The Evolving Ransomware Landscape: trends and Threats in 2025
Ransomware remains a dominant force in the cyber threat landscape, but it’s evolving. A important shift is underway, with a growing number of cybercriminal groups prioritizing data exfiltration and extortion without encryption. This trend, emerging throughout 2024, shows no signs of slowing down.
This article provides a thorough overview of the current ransomware situation, outlining key trends, active threat actors, and vulnerable sectors. We’ll equip you with the knowledge too understand the changing tactics and bolster your institution’s defenses.

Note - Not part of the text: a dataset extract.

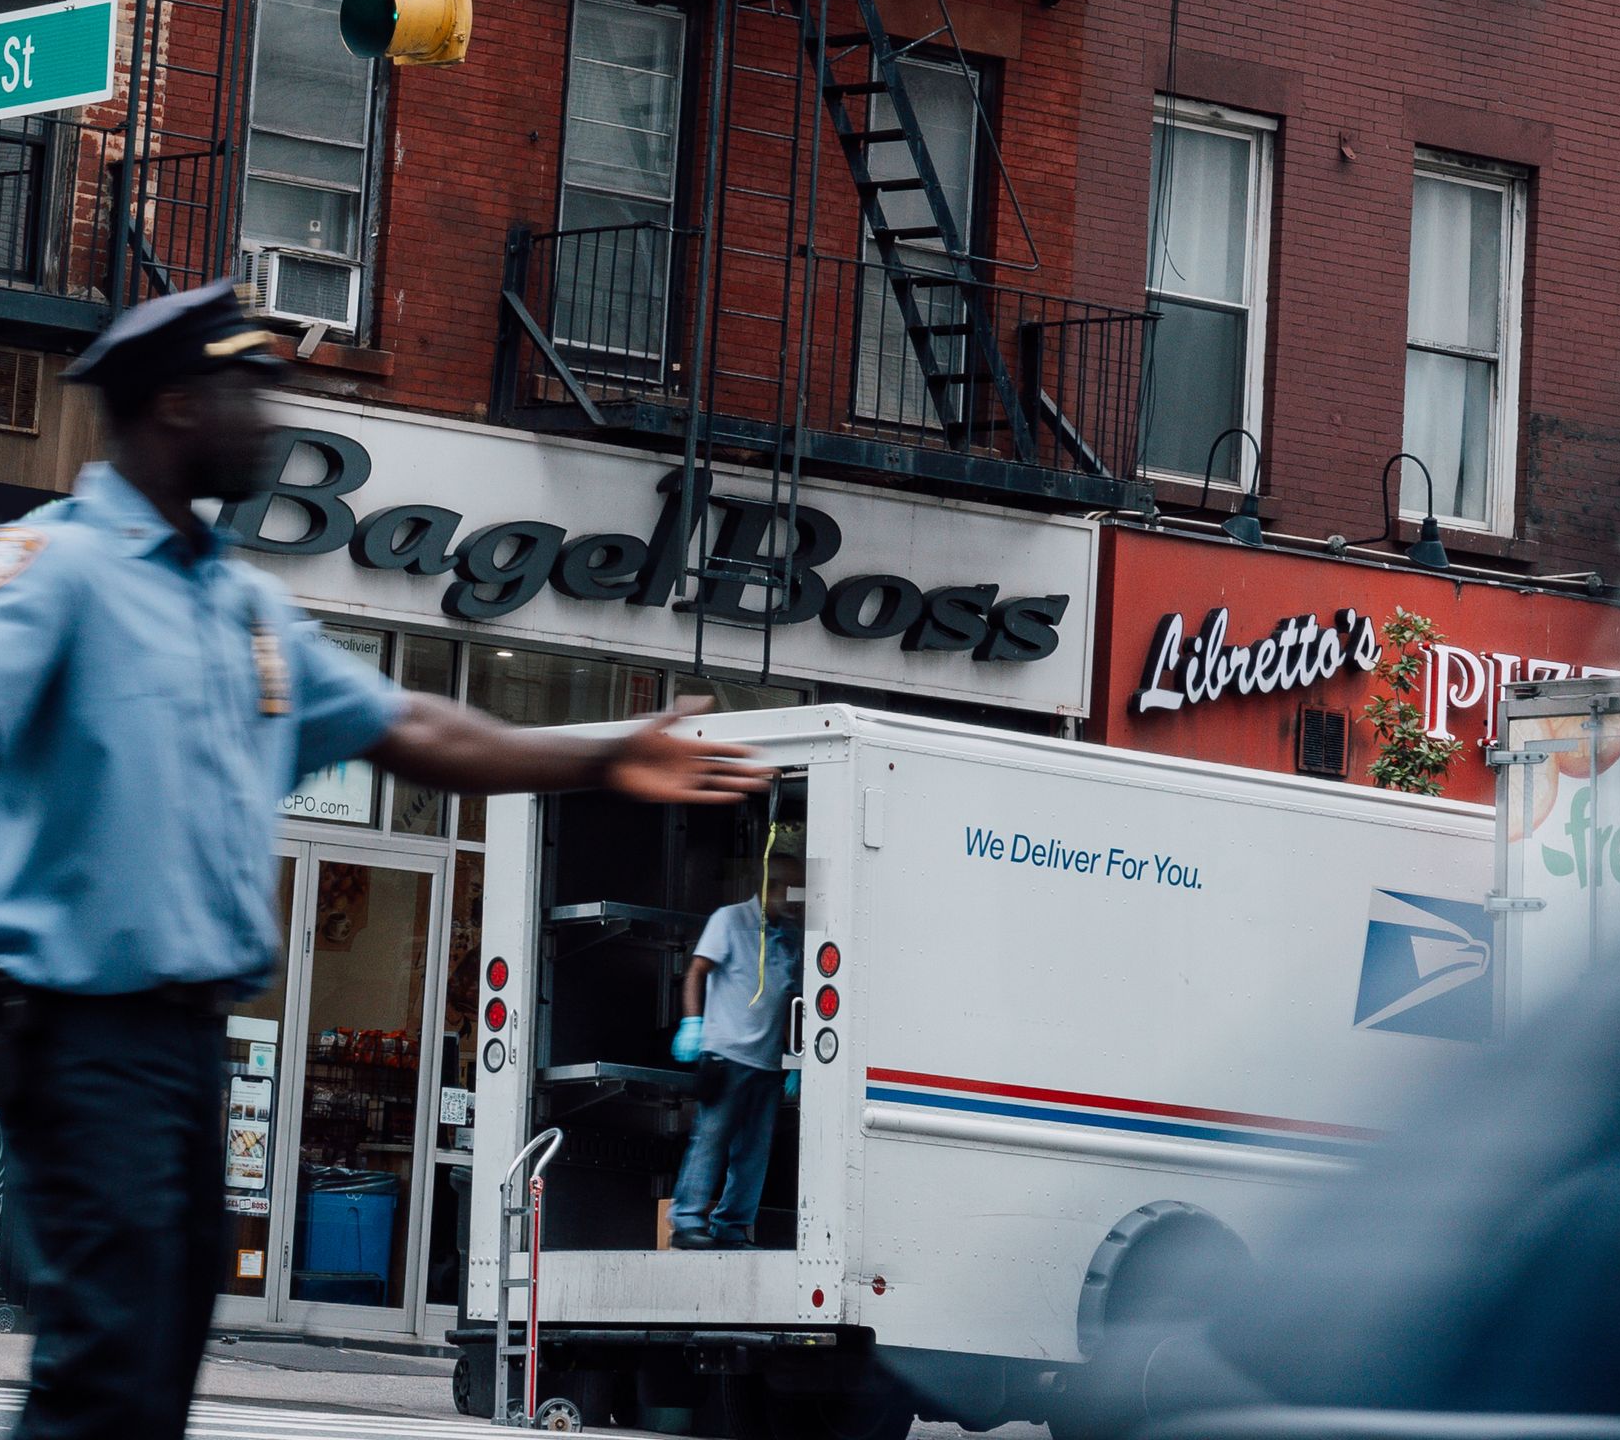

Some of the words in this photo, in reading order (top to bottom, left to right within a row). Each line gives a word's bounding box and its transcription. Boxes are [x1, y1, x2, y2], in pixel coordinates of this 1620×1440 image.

The Rise of Extortion-Onyl Attacks
Traditionally, ransomware attacks involved encrypting a victim’s files and demanding payment for the decryption key. Now, many groups are opting for a “pure extortion play.” They steal sensitive data, then threaten to leak it publicly unless a ransom is paid.

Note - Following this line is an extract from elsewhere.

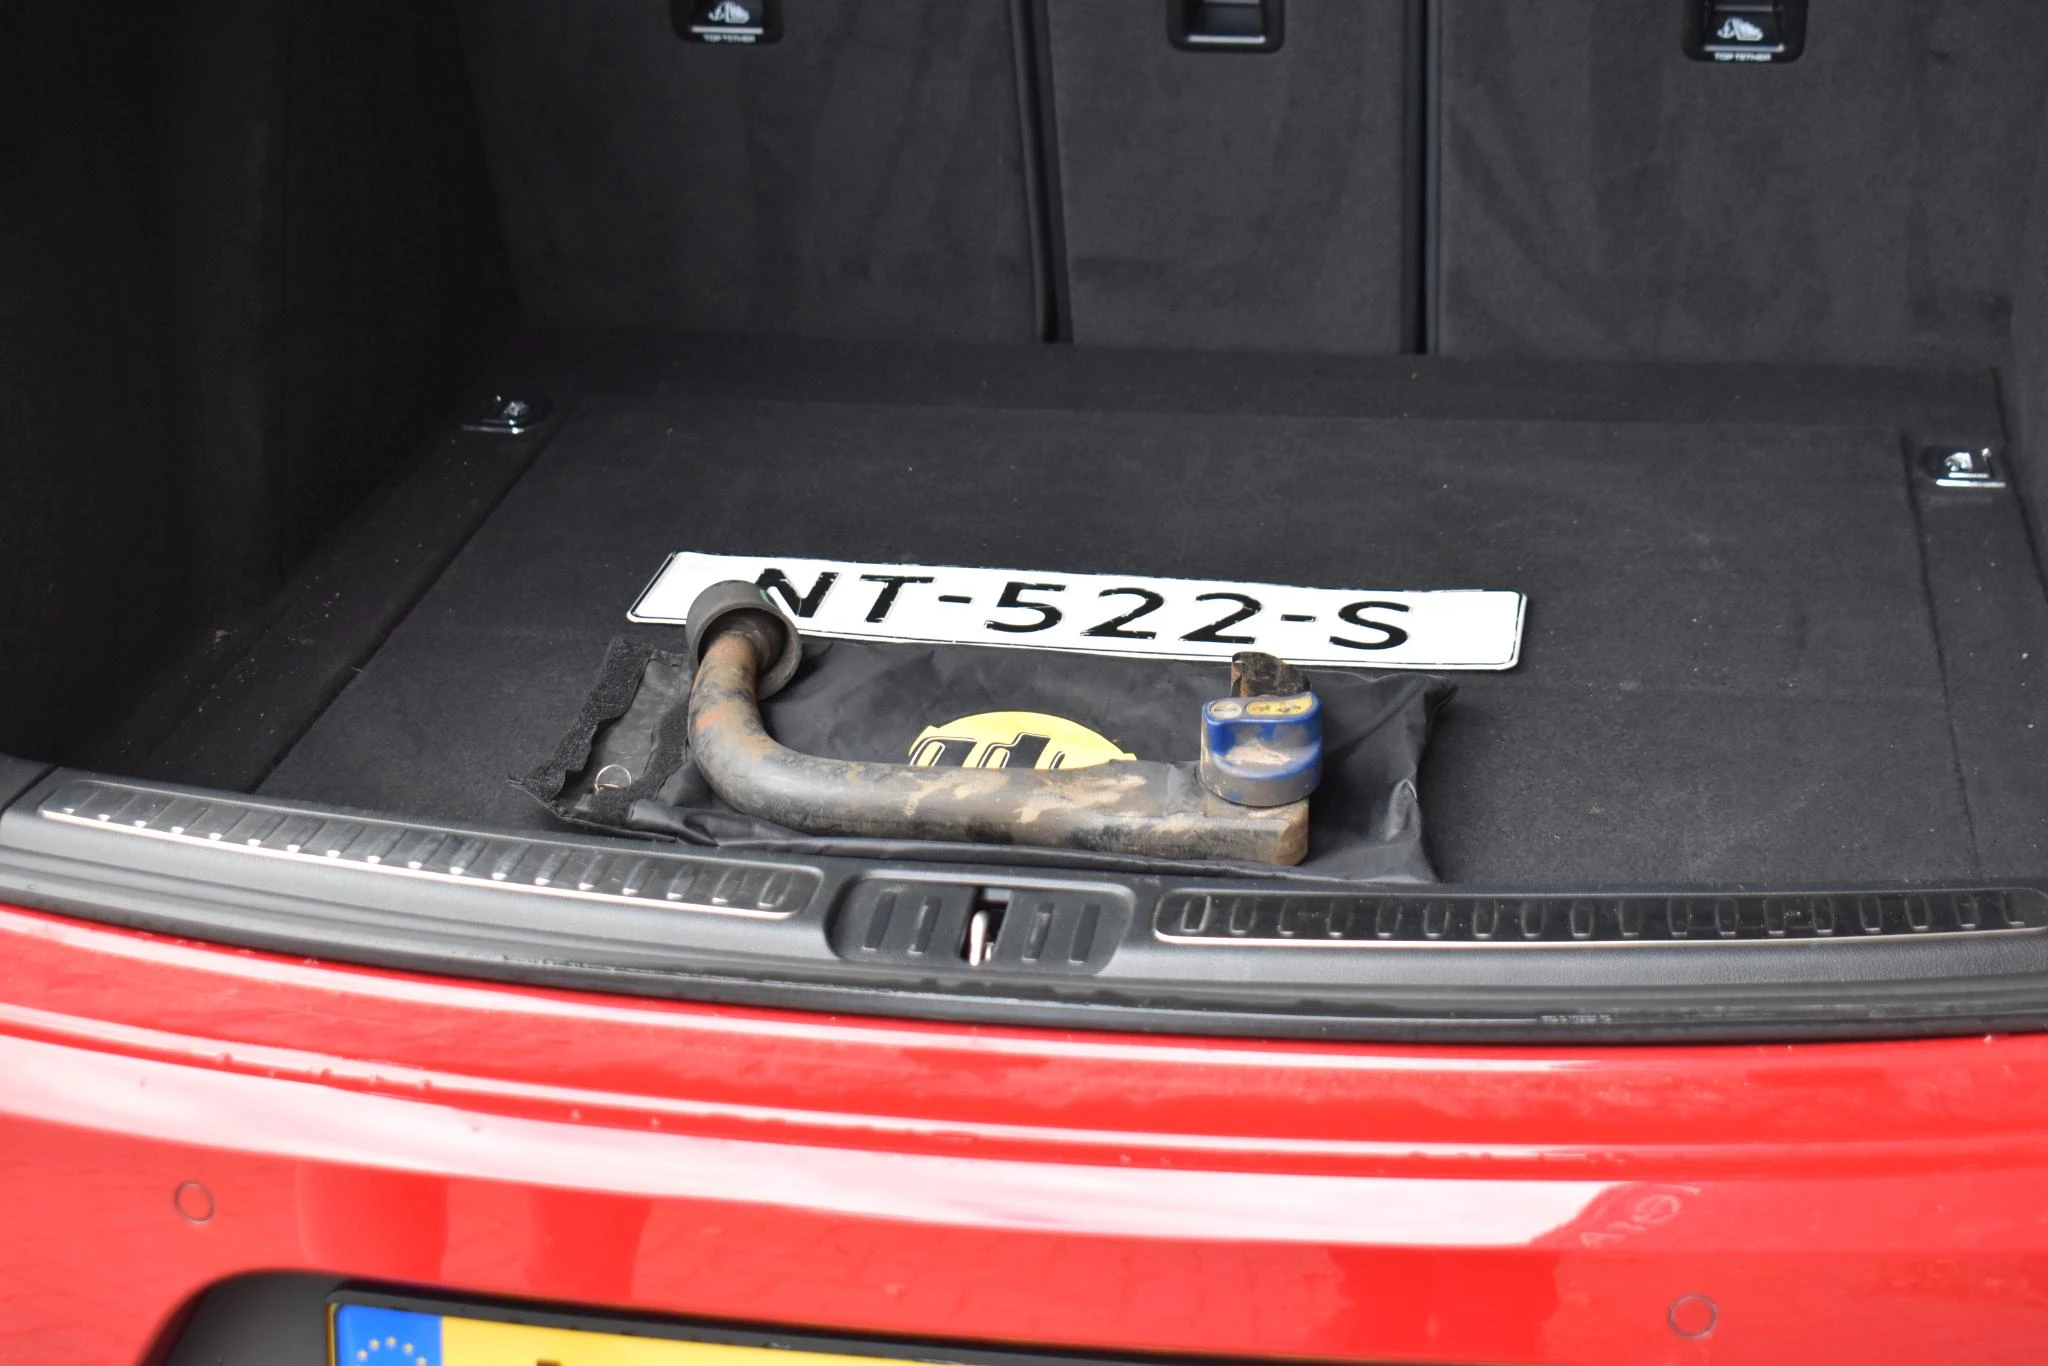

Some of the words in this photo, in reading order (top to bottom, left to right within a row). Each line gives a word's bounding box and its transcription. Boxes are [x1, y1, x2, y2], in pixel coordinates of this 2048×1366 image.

[1714, 52, 1733, 61] TOP
[1735, 52, 1772, 61] TETHER
[755, 567, 1411, 650] NT-522-S

Traditional Approach: Encryption + Data Exfiltration + Double Ransom (Decryption & Leak Prevention)
New Approach: Data Exfiltration + Threat of Leakage + Single Ransom
Groups like World Leaks (formerly Hunter’s International) are leading this charge, demanding ransom without ever touching encryption. ransomhub and emerging groups like Weyhro are also experimenting with this tactic. this shift suggests attackers are finding extortion alone to be a profitable and efficient method.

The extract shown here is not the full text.